Since the access to aerial imagery is usually not open and free, would it be possible to tailor the proposed U-Net model for satellite imagery? Currently, as it is commonly known, there are some important sources of open and free satellite data. The Copernicus Programme itself provides a wealth of satellite imagery that is widely used by scientific and commercial users.

In today's Earth Observation developments, the volumes of data are colossal. Could the proposed U-Net model be adapted and used for extremely large datasets?

Considering that the proposed U-Net model was tested on five aerial images, could you please comment on its expected performance in case of larger remote sensing datasets?

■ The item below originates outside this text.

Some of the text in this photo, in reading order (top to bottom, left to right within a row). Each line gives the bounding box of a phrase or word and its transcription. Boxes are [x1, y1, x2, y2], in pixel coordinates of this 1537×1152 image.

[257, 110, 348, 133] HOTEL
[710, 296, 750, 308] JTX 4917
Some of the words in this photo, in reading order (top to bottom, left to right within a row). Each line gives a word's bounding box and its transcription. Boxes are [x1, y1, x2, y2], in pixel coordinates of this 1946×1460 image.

Could the proposed U-Net model be adjusted for other types of applications besides erosion mapping?

As a suggestion only, the answer to (some of) these questions could be included in the Future work, under Conclusions.

Author Response

Thank you for your appreciation and the great feedback.

"Since the access to aerial imagery is usually not open and free [...]"

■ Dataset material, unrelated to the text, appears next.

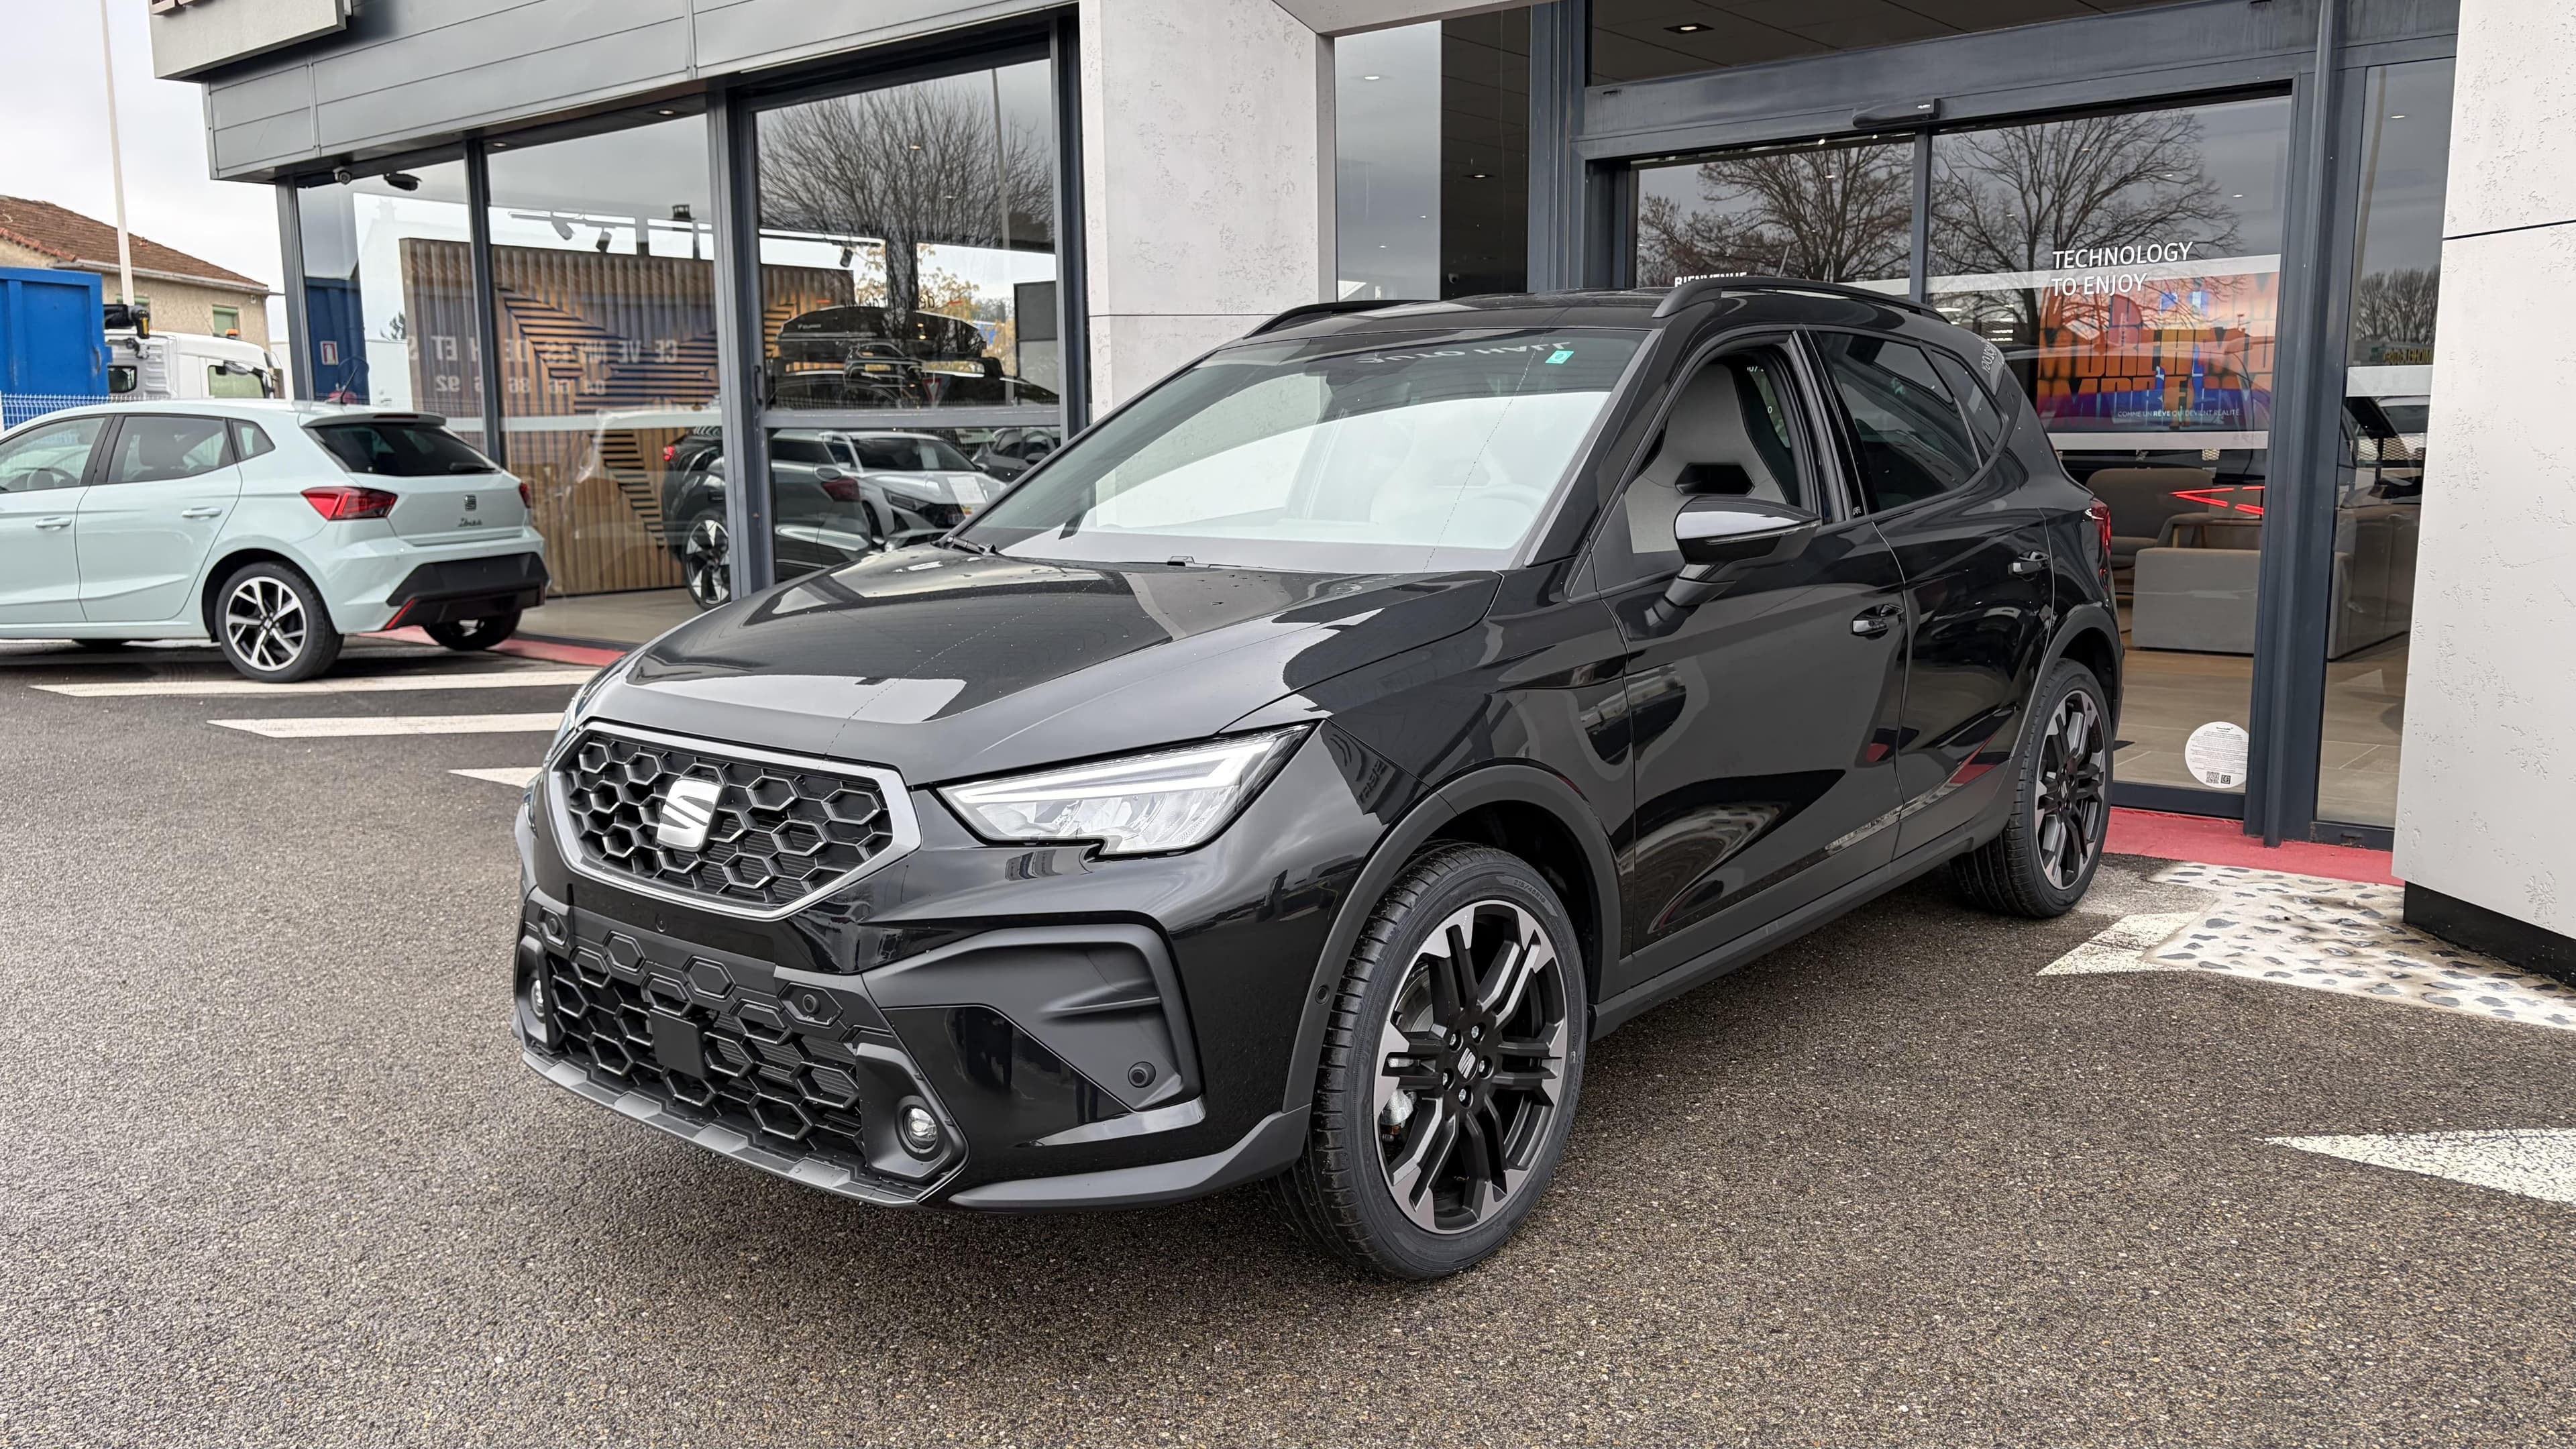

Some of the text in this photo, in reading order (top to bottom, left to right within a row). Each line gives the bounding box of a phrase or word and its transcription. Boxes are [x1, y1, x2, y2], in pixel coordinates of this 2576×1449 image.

[2052, 241, 2194, 269] TECHNOLOGY
[2051, 273, 2147, 297] TO ENJOY

This is a very important point you make. In general, the U-Net is not limited to a particular kind of input data. Typically, the size of the expected segments / objects determines what kind of input source and pixel resolution is required. In our case it is important that the spatial resolution is high enough, as certain objects are very small / narrow (e.g. livestock trails). An alternative would be the use of UAVs, which are capable of providing high resolution images. Of course, if the features you want to map are large enough also satellite images can be used (e.g. open access Sentinel-2 data with 10 m resolution). In future, when the spatial resolution of open access satellite imagery increases, this will be a great source of data for soil erosion mapping, but we are not quite there yet. We have addressed this point in the manuscript in lines 467-469.
"In today's Earth Observation developments, the volumes of data are colossal [...]" & "Considering that the proposed U-Net model
was tested on five aerial images [...]"

We would like to address the questions concerning large datasets jointly. In our manuscript we show that the U-Net approach trained on a comparably small training set performs very well and generalises / transfers to adjacent regions and new aerial images. Having larger (and more diverse) datasets at one's disposal for training will benefit the generalisation capability even more. Providing adequate training data would potentially be the most time consuming part but could be performed in the fashion outlined in the manuscript. What concerns the prediction, i.e. providing erosion segments for a new input, our trained U-Net required about 12 minutes to provide the segmentation results (threshold 0.5) for the case study area of about 26 km² on a recent GPU. Extrapolating these findings, the segmentation of the Swiss Alpine region (say 60% of Switzerland, i.e. 0.6*40000 km²= 24000 km²) would amount to about 8 days on a single GPU (24000 km² * 12 min/26 km² = 11077 min = 7.7 days). As the prediction process can be parallelised by using several GPUs, this running time can be further reduced. We want to emphasise that this is a model calculation based on our findings which illustrates that the proposed approach indeed can scale to large datasets. Our future work focuses exactly on these kind of large-scale applications and quantification.
"Could the proposed U-Net model be adjusted for other types of applications besides erosion mapping?"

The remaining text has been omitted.